Palm Beach Community College
Pools storage from mainframe and servers into 10-Tbyte SAN, including blade servers, SVC
January 22, 2006
Virtualization is one of those topics storage vendors talk a lot about while failing to convince customers.
Still, there are brave souls out there willing to give it a shot. Tony Parziale, CIO of Palm Beach Community College, has been virtualizing the colleges storage and servers since June. PBCC spent $1.6 million on IBM hardware, software, and services, to tie data kept on old mainframes and direct attached storage into one storage pool on a SAN.
PBCC’s new gear includes a zSeries 890 midrange mainframe running five SUSE Linux partitions, a 10-Tbyte IBM DS6800 connected to the mainframe, two BladeCenter blade server chassis, SAN Volume Controller (SVC) to bring all the storage into one pool, and Tivoli Storage Manager (TSM) for backup.

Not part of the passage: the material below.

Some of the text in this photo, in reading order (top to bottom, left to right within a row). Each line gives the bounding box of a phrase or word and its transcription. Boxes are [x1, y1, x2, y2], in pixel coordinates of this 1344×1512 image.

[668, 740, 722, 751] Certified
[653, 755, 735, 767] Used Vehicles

“It’s a virtual world,” Parziale says. “The way I look at it, we have one opportunity every four years to make a major architectural change. The easier solution would have been to stay with the technology we had. But we achieved a lot of costs savings. Going to Linux eliminated proprietary software that was costing us $30,000 a month in licensing. We also eliminated storage and server sprawl and could consolidate our IT staff.”

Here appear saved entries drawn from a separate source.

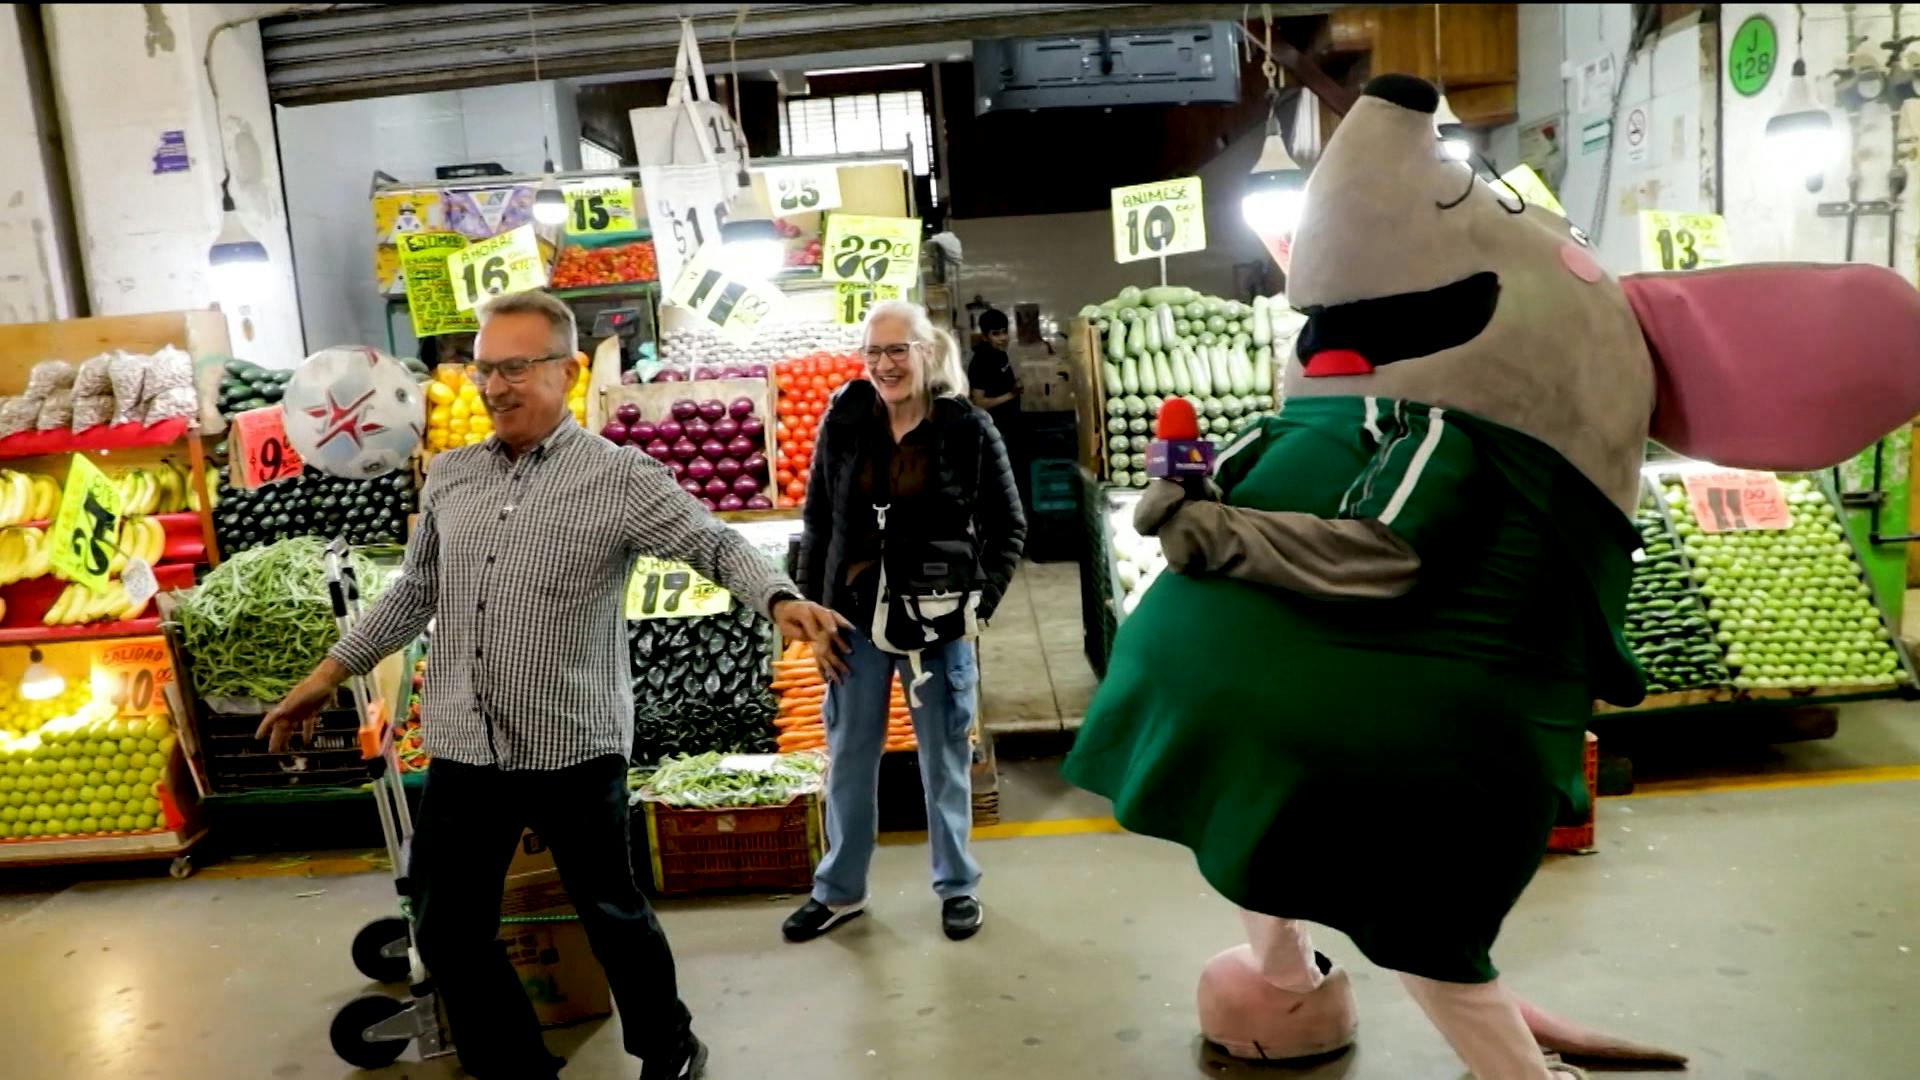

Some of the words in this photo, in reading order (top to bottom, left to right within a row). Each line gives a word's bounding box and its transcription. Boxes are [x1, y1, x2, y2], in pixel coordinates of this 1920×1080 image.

[1746, 27, 1759, 54] J
[1735, 51, 1771, 82] 128
[574, 195, 610, 231] 15
[778, 176, 820, 210] 25
[1125, 204, 1176, 256] 10
[1656, 228, 1699, 270] 13
[462, 255, 510, 304] 16
[833, 235, 892, 283] 22
[641, 571, 690, 615] 17

PBCC can rightly be called a pioneer. Consider that in recent IT spending surveys, virtualization is a low priority among buyers. A Goldman Sachs survey of 100 IT managers at Fortune 1000 firms released this week shows only 29 percent are considering implementing storage virtualization over the next 12 months. Those findings track with studies done by others during the last year. (See Virtually Nowhere.)None of that has slowed PBCC, which now stores all its data on its SAN. That includes academic and financial records for 49,000 students and 2,000 employees, distance-learning servers, patient records for its dental hygiene school, and student registration forms.
When all of that was spread over unattached servers, Parziale says backups required more than 24 hours. Now he says his backups take five hours. He’s also reduced his number of servers from more than 100 to around 50, with plans for further reduction.

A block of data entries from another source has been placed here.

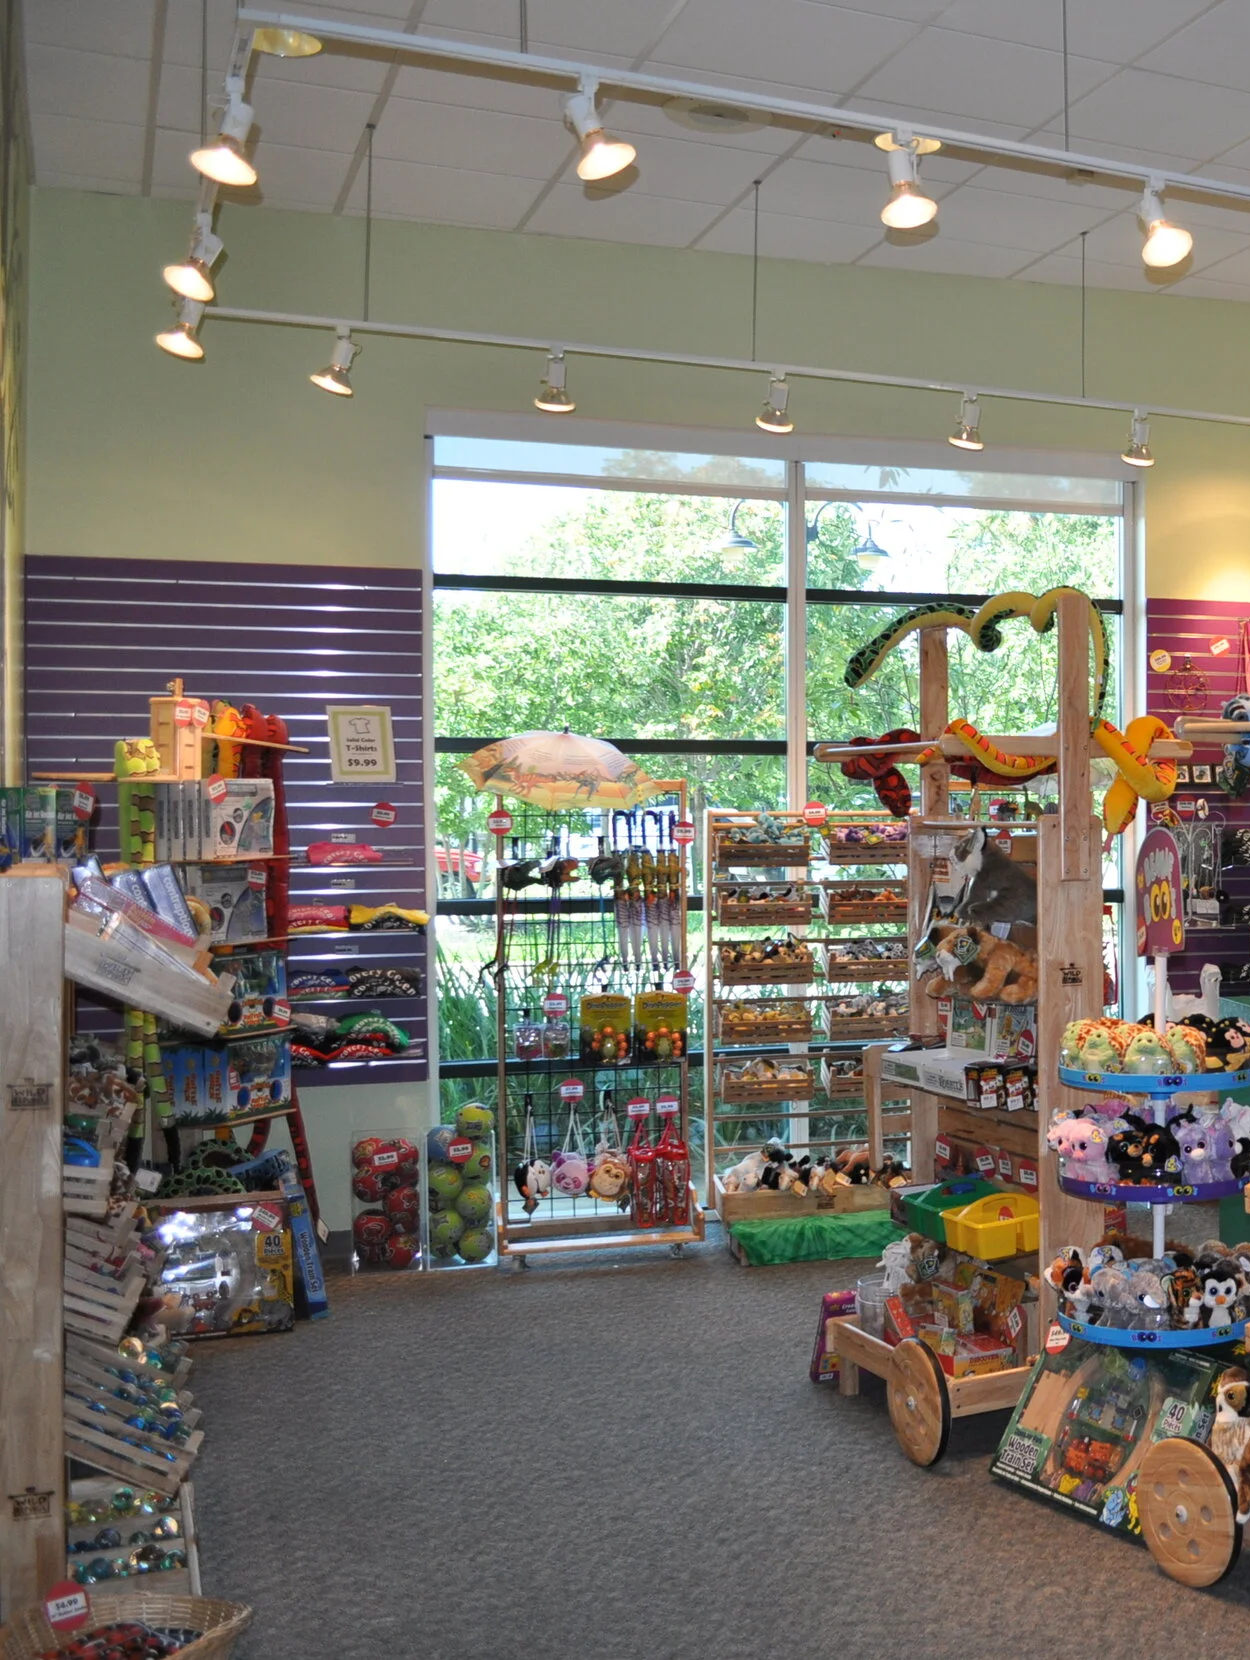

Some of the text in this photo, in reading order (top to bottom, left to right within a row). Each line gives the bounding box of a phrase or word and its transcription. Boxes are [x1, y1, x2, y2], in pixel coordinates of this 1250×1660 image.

[346, 744, 378, 752] T-Shirts
[348, 758, 378, 767] $9.99
[163, 876, 197, 939] contraption
[264, 1235, 281, 1247] 40
[300, 1231, 311, 1261] Wooden
[1169, 1404, 1186, 1421] 40
[1199, 1412, 1211, 1430] Set
[1008, 1434, 1040, 1458] Wooden
[1001, 1448, 1021, 1467] Train
[1020, 1455, 1035, 1473] Set

While Parziale was bold enough to take on virtualization, he insisted on picking just one vendor while evaluating systems last year. “When you have a multi-vendor environment, that’s when the finger pointing starts,” he says.
He also looked at arrays from EMC and Hitachi Data Systems. He liked the IBM arrays, but what clinched it for him was that IBM also had servers to go with its storage.
“EMC Symmetrix and Hitachi TagmaStore are great products, but they don’t have a [mainframe] box, and they’re not single-vendor solutions."EMC didn’t get completely shut out, though. Its VMware server virtualization software plays a big role in PBCC's consolidation plans.
“Before, if I needed another application I wanted to test or do a proof of concept, I had to buy a server, wait for it to come in, and configure it. Now I just provision one of my servers, and get it running in hours instead of weeks.”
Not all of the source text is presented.